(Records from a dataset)
************

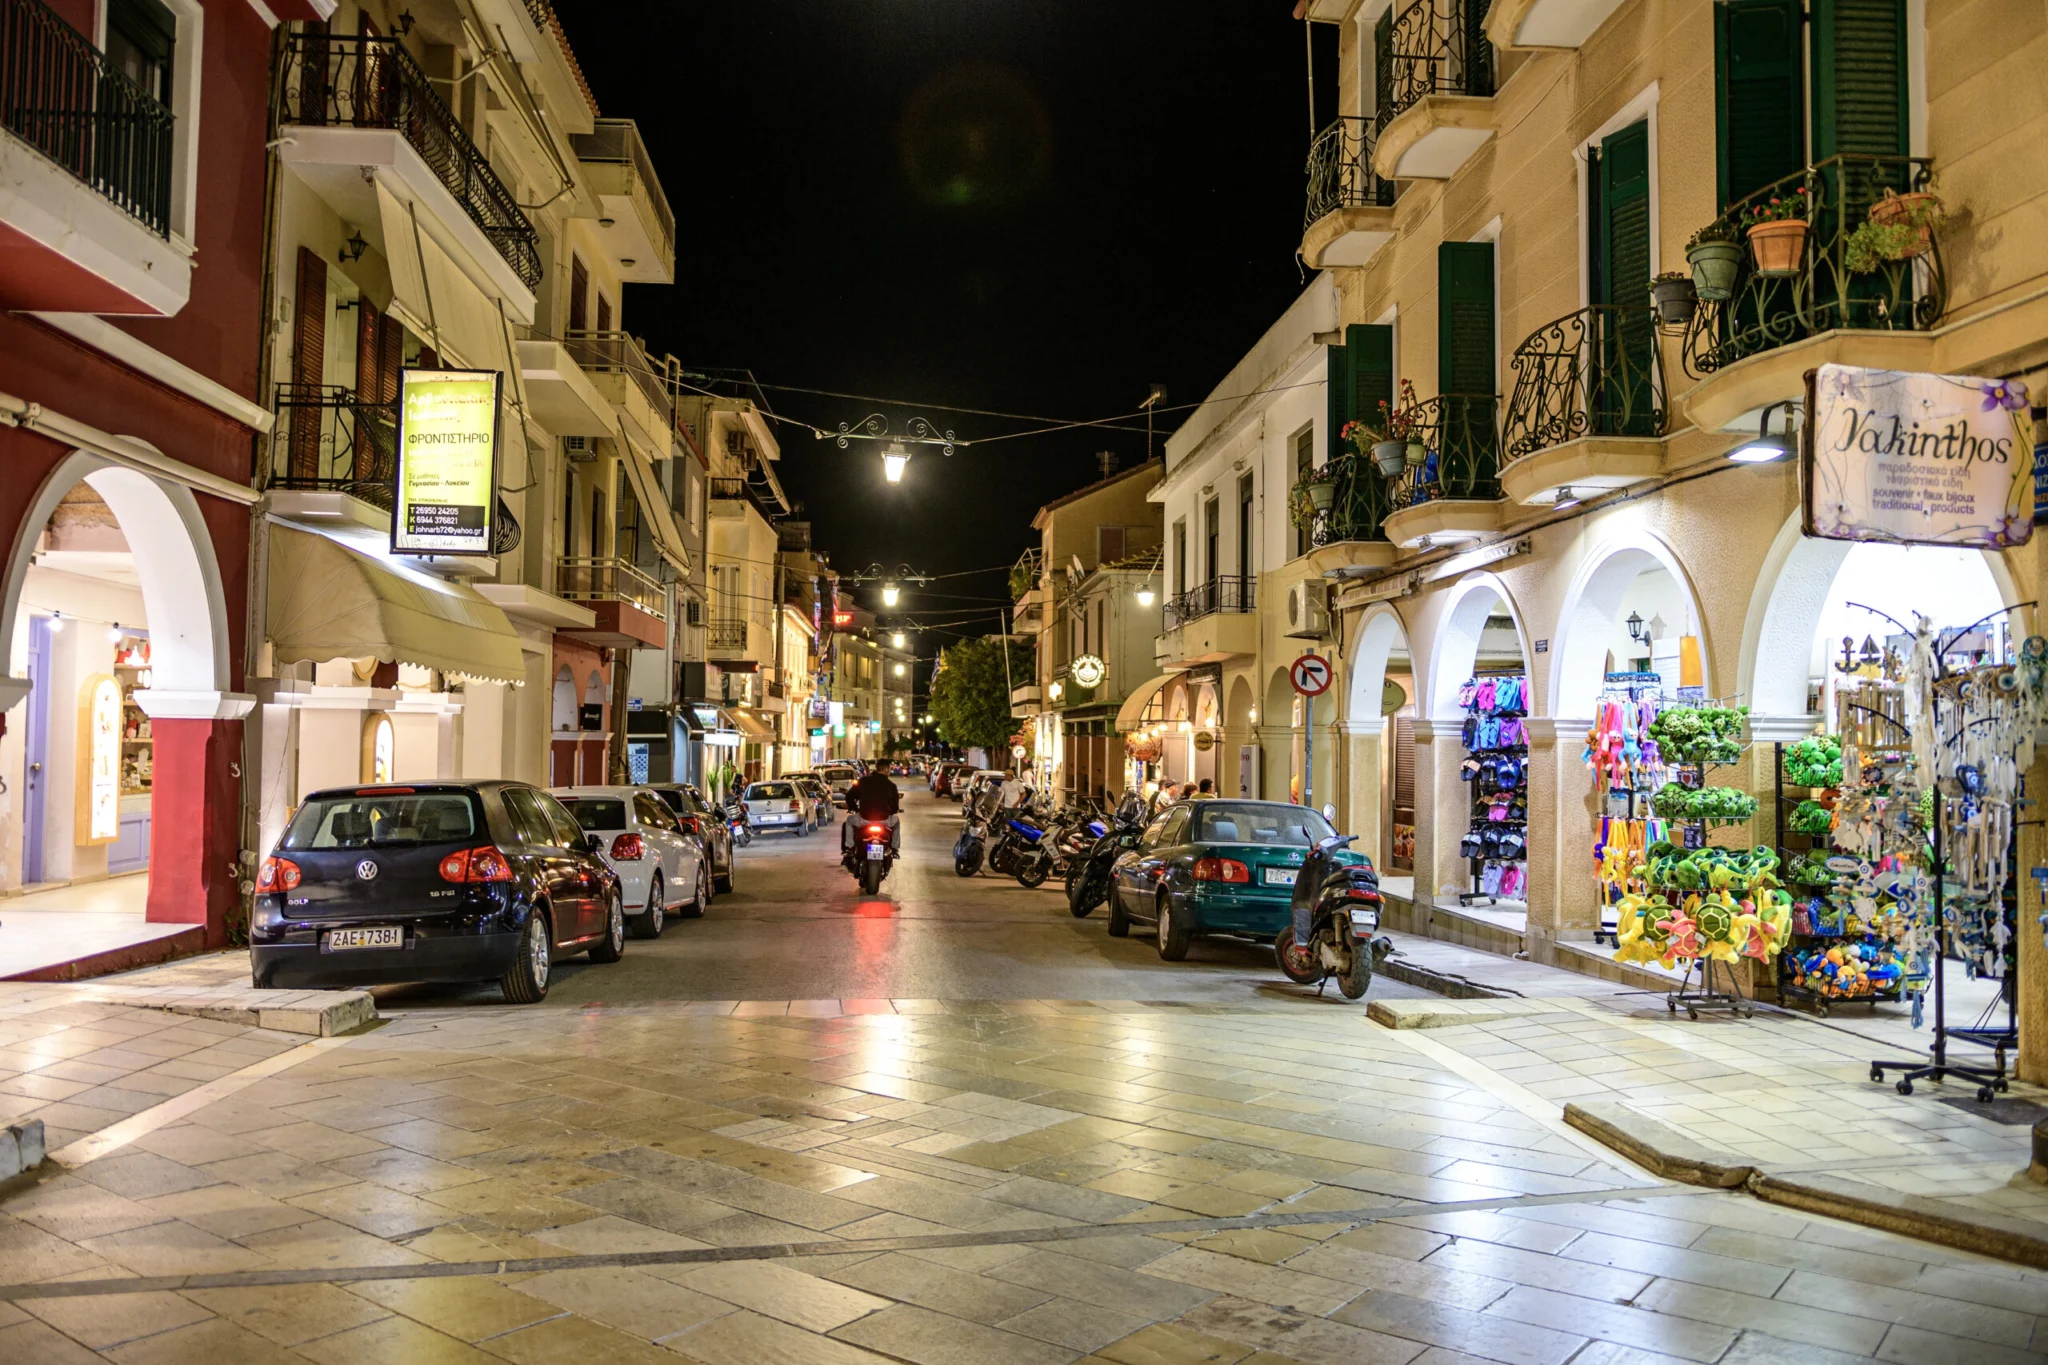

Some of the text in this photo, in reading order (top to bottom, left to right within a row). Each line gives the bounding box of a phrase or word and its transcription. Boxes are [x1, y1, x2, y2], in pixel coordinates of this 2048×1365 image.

[408, 433, 490, 445] ΦΡΟΝΤΙΣΤΗΡΙΟ
[1834, 407, 2012, 471] Yakinthos
[1873, 488, 1975, 504] souvenir faux bijoux
[415, 507, 437, 515] 26950
[437, 507, 459, 515] 24205
[1872, 498, 1975, 516] traditional products
[416, 516, 433, 524] 6944
[415, 526, 482, 536] johnarb72@yahoo.gr

************

» Exercise prompt
Every line above is to be given again exactly, apart from the pictures.

» Final answer
Some of the text in this photo, in reading order (top to bottom, left to right within a row). Each line gives the bounding box of a phrase or word and its transcription. Boxes are [x1, y1, x2, y2], in pixel coordinates of this 2048×1365 image.

[408, 433, 490, 445] ΦΡΟΝΤΙΣΤΗΡΙΟ
[1834, 407, 2012, 471] Yakinthos
[1873, 488, 1975, 504] souvenir faux bijoux
[415, 507, 437, 515] 26950
[437, 507, 459, 515] 24205
[1872, 498, 1975, 516] traditional products
[416, 516, 433, 524] 6944
[415, 526, 482, 536] johnarb72@yahoo.gr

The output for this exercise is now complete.